「まだまだミクシィは終わらない、第2の黄金期を作る」──新社長が抱負、mixiはスマホアプリにシフト(1/2 ページ)
「まだまだミクシィは終わらない、第2の黄金期を作るつもりで取り組む」──ミクシィの社長に就任する同社の朝倉祐介執行役員は5月15日の会見で抱負を語った。創業者で「mixi」を育てた笠原健治社長は代表権のない会長に就き、新事業に専念。若返った新経営体制は「ユーザーファースト」を引き継ぎつつ、スマートフォンネイティブアプリへのシフトなど「第2の黄金期」に向けた取り組みを進める。
朝倉氏は30歳。中学卒業と同時に競馬の騎手を目指してオーストラリアに渡り、帰国後は競走馬育成に従事したという経歴を持つ。東京大学法学部を卒業後、外資系コンサルティング会社のマッキンゼー・アンド・カンパニーを経てアプリプラットフォームなどを展開するベンチャー「ネイキッドテクノロジー」の社長を務め、同社が2011年9月に買収される形でミクシィに加わった。
朝倉氏は「10年前、1ユーザーとして愛していたサービスを擁する会社を統括する立場になるのは不思議な感覚。重い責任を感じるが、これほどやりがいがある仕事もない」と意気込む。退任する笠原氏は「大手コンサルティングファームとネットベンチャー社長という2つの立場の経験を生かし、冷静でありながら情熱的に物事を判断できる」と評価する。
mixiはネイティブアプリにシフト
新経営体制では、社長兼CEOの朝倉氏のもと、mixi事業を統括する最高事業責任者に川崎裕一氏が就任する。川崎氏ははてな副社長を経てソーシャルサービスを手がけるkamadoを創業。朝倉氏と同様、ミクシィによる買収で同社に加わった。
笠原氏は新経営体制について、「朝倉新社長は前年度から、『ユーザーファースト』の提唱やユニット制の導入など社内改革を主導してきている。体制変更は、経営陣の中でそれぞれがより得意な分野に注力しパフォーマンスを最大化するための施策だ」と説明する。笠原氏は今後、新規事業立ち上げに専念し、取締役会長として新体制をサポートしていく。
屋台骨となるSNS「mixi」は、昨年度掲げた「ユーザーファースト」を今後も継続。利用率でアプリはWebブラウザの1.6倍に上っており、これを踏まえてスマートフォン向けネイティブアプリの開発に注力。
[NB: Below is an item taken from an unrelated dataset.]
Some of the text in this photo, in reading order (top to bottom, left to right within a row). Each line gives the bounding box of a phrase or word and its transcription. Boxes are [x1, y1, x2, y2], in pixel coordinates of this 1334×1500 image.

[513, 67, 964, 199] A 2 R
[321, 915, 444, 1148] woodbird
写真や日記、ゲームなど個別の機能ごとにアプリを提供し、全体のトラフィックとユーザー課金の拡大を目指す。
現在mixiが展開しているネイティブアプリは「mixi」本体と「コミュニティ」に特化した「mixiコミュニティ」の2本で、3月時点のダウンロード数は累計1000万件を突破している。今後アプリ数を50本に増やすことを目標に掲げ、アプリエンジニアを4倍に増加させるほか、Webエンジニアがスムーズにスマホアプリを開発できる環境構築にも重点的に取り組む。